I will look at a few other areas, a few other things. There are people out there who have passed judgement. A few comments have been shown in the media on things such as: Are we healthy? Are we worse off than we were? There are cautions that go out. Here is what one person said: The Grimes' government is banking on things like increased equalization on oil and taxation revenue to help reduce the deficit to zero in four years. In other words, they said, they are looking towards the future. Like a family would sit down and say: Hey, guys. Dad got a raise. It over the next four years. Based on those earnings we are going to go out and buy a new van. But, there are many variables. Are oil prices going to remain high? If everything goes well, and you can shoot for the moon and land, then great. If not, it is not so great because dad could lose his job which is equivalent to some revenues falling short. Mom could lose her job.

AN HON. MEMBER: Or the Premier could lose his job.

MR. SULLIVAN: Yes, the Premier could lose his job. That is possible, as my colleague said there. The Premier could lose his job. It is under attack.

In other words, budget for the moon. Budget for the high side of things and whatever happens then we will take it in stride. You have to budget for a conservative estimate. If things come in better, so be it. If they come in better, great! What puzzles me most, what concerns me most, is that in an area - over last year when our revenues increased in a lot of provincial taxation areas, still we have such a high deficit. The economy went to 8.2 per cent growth last year. There was a tremendous growth and still what happened? We are running a deficit, the highest cash deficit in ten years, an accrual basis deficit the highest we have seen.

We have not seen the accrued deficit for the fiscal year just ended. I am not sure what that is. It will be close. It will be another big number, because last year it was $473 million. Next year, this year coming up, it is going to be $666 million, and this year the sun will soon set on that and we will find out what that is over the next period of time.

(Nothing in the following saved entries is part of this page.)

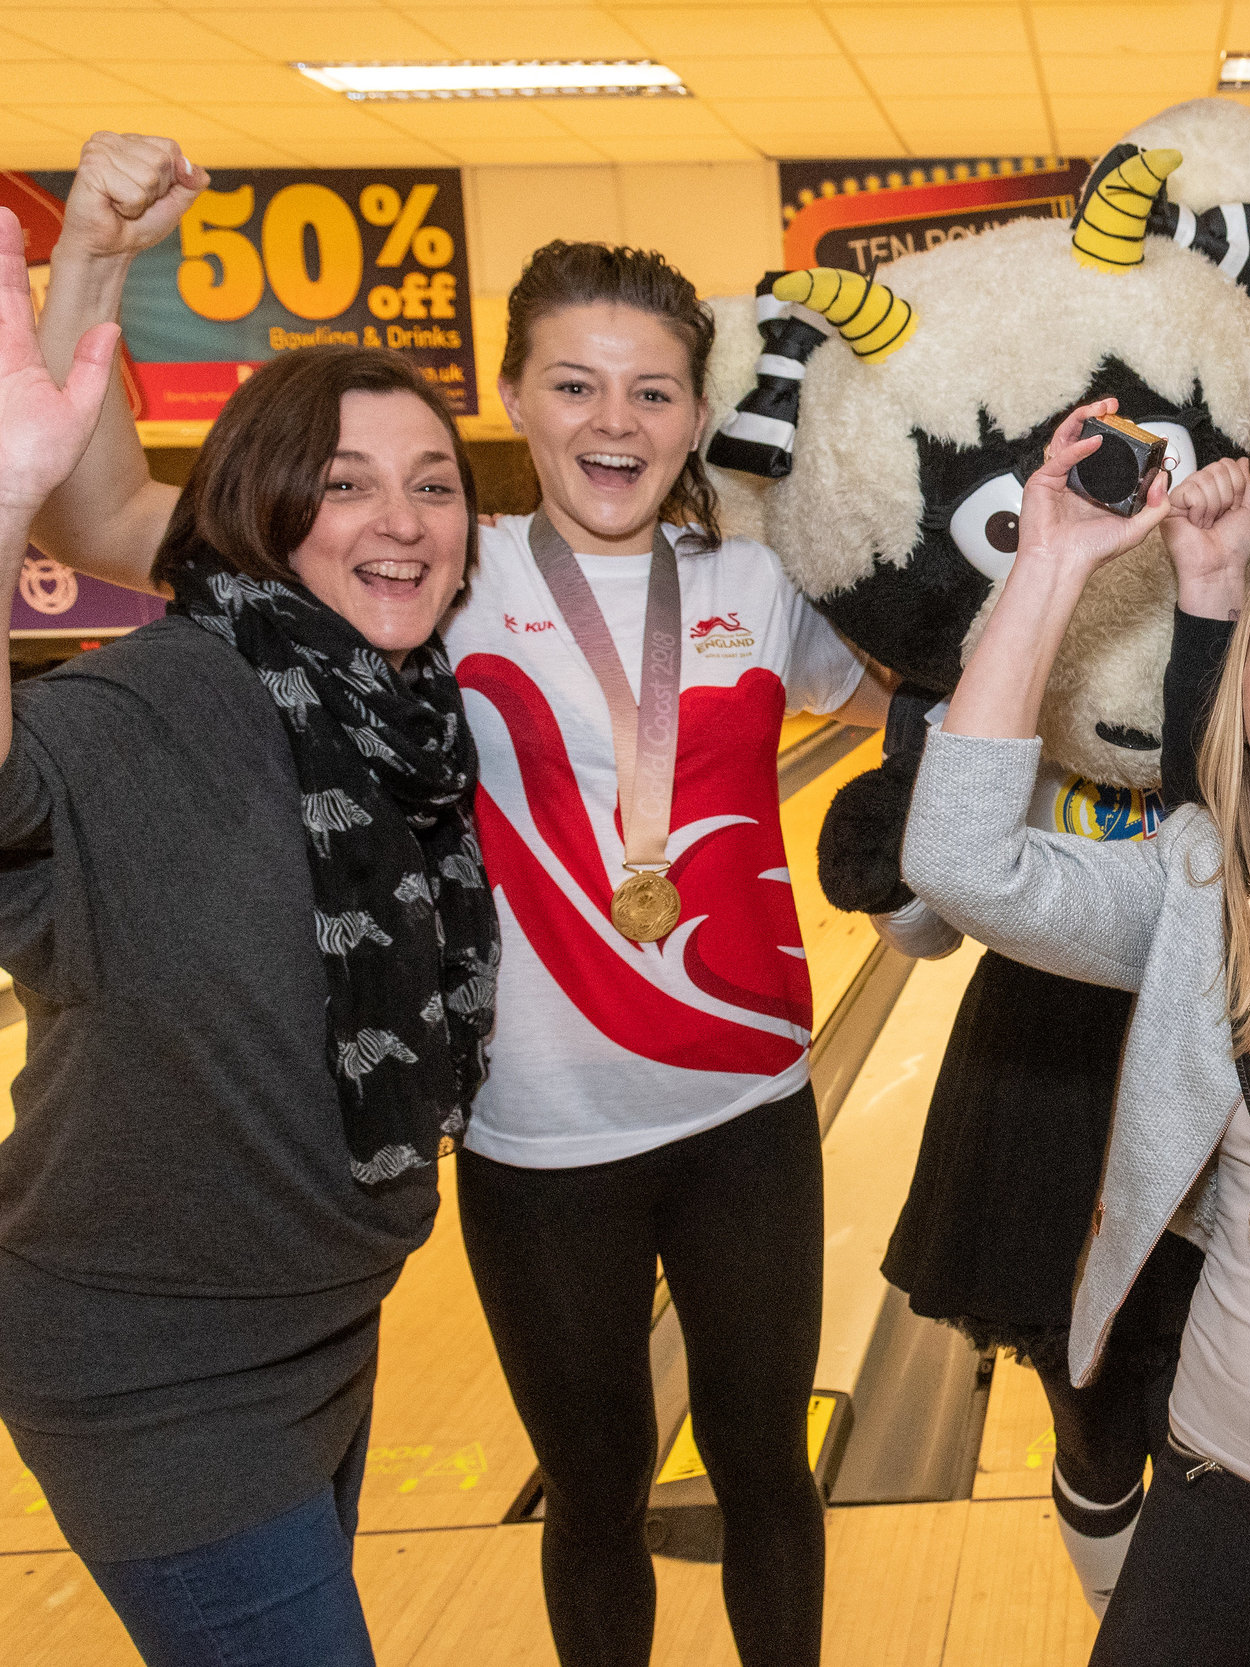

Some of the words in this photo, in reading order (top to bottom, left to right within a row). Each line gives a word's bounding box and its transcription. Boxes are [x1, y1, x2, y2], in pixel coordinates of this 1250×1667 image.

[177, 183, 454, 322] 50%
[367, 272, 457, 320] off
[269, 326, 359, 350] Bowling
[363, 325, 382, 347] &
[386, 325, 462, 349] Drinks
[650, 630, 676, 677] 2018
[694, 638, 755, 654] ENGLAND
[644, 677, 673, 746] Coast
[637, 749, 669, 820] Gold
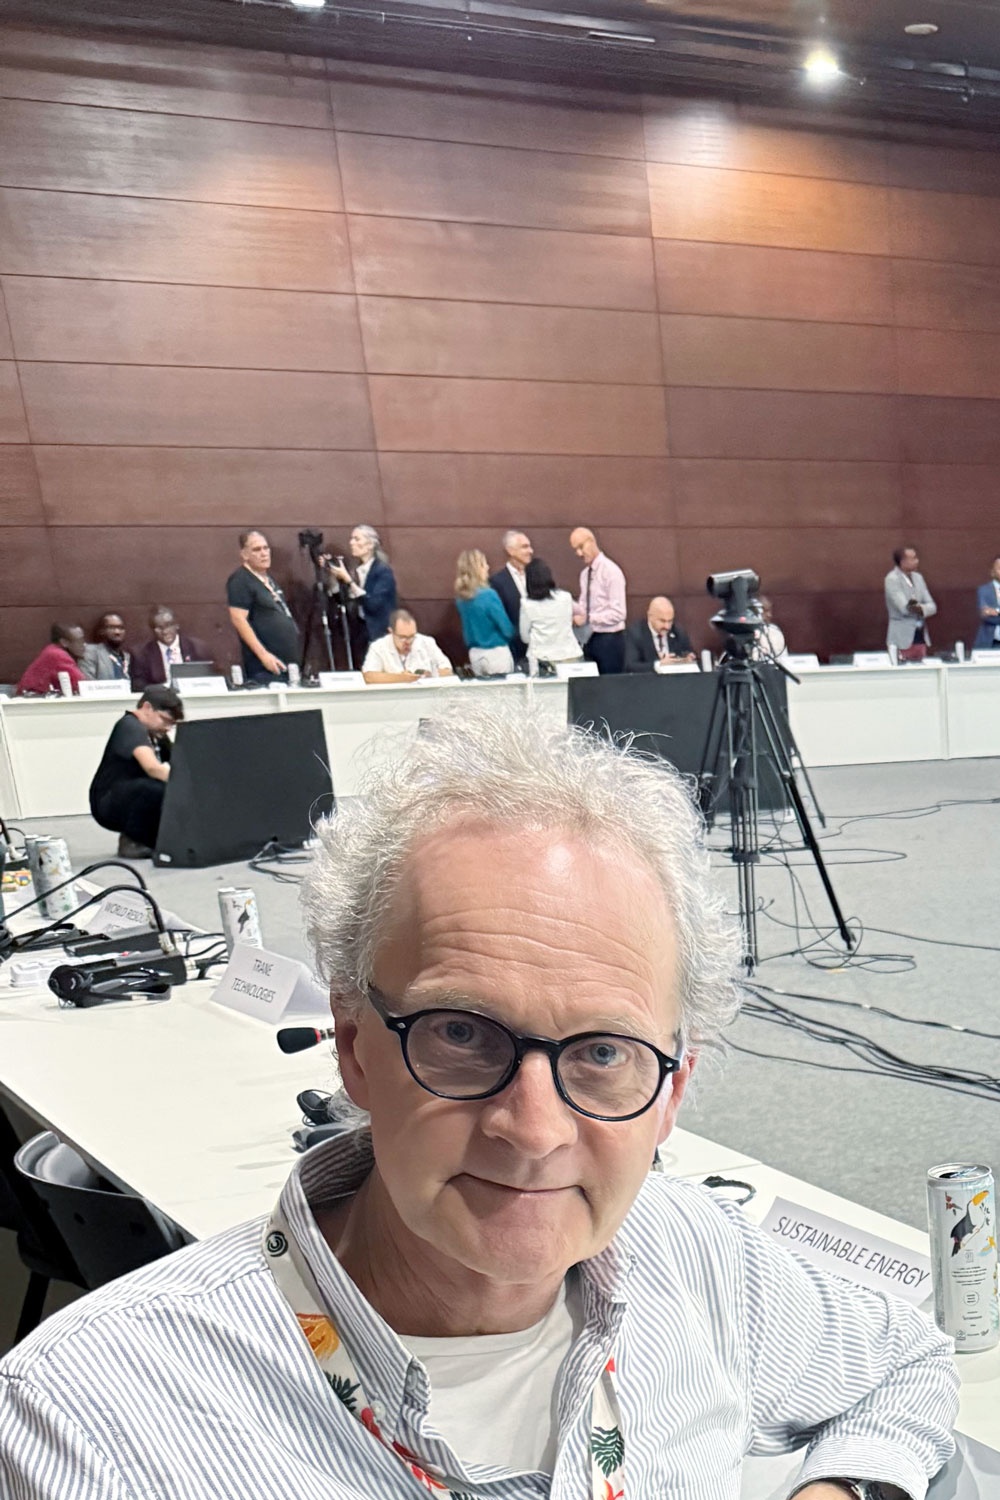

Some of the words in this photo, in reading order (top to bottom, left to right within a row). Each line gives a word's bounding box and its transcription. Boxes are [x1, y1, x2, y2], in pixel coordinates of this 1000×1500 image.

[253, 959, 273, 977] TRANE
[231, 977, 276, 1004] TECHNOLOGIES
[772, 1216, 869, 1265] SUSTAINABLE
[865, 1252, 931, 1288] ENERGY

I was reading in The Telegram on Saturday - I am sure you read it - an interesting editorial there. I think it is worth repeating. For anybody who has not read the editorial in The Telegram on Saturday, I think it is worth mentioning. "Thursday's Budget saw the Province announce plans to overspend its means by $286 million this year, adding to a debt that now tops $10 billion..." Well, overspent by basically $666 million, if you look at that.

It goes on the say: Finance minister, Joan Marie Aylward, calls the numbers "a manageable deficit ... the numbers are realistic and attainable."

MR. REID: What are you quoting from?

MR. SULLIVAN: I am quoting from a knowledgeable source of literature.

MR. REID: You are reading from it. Can you table that please?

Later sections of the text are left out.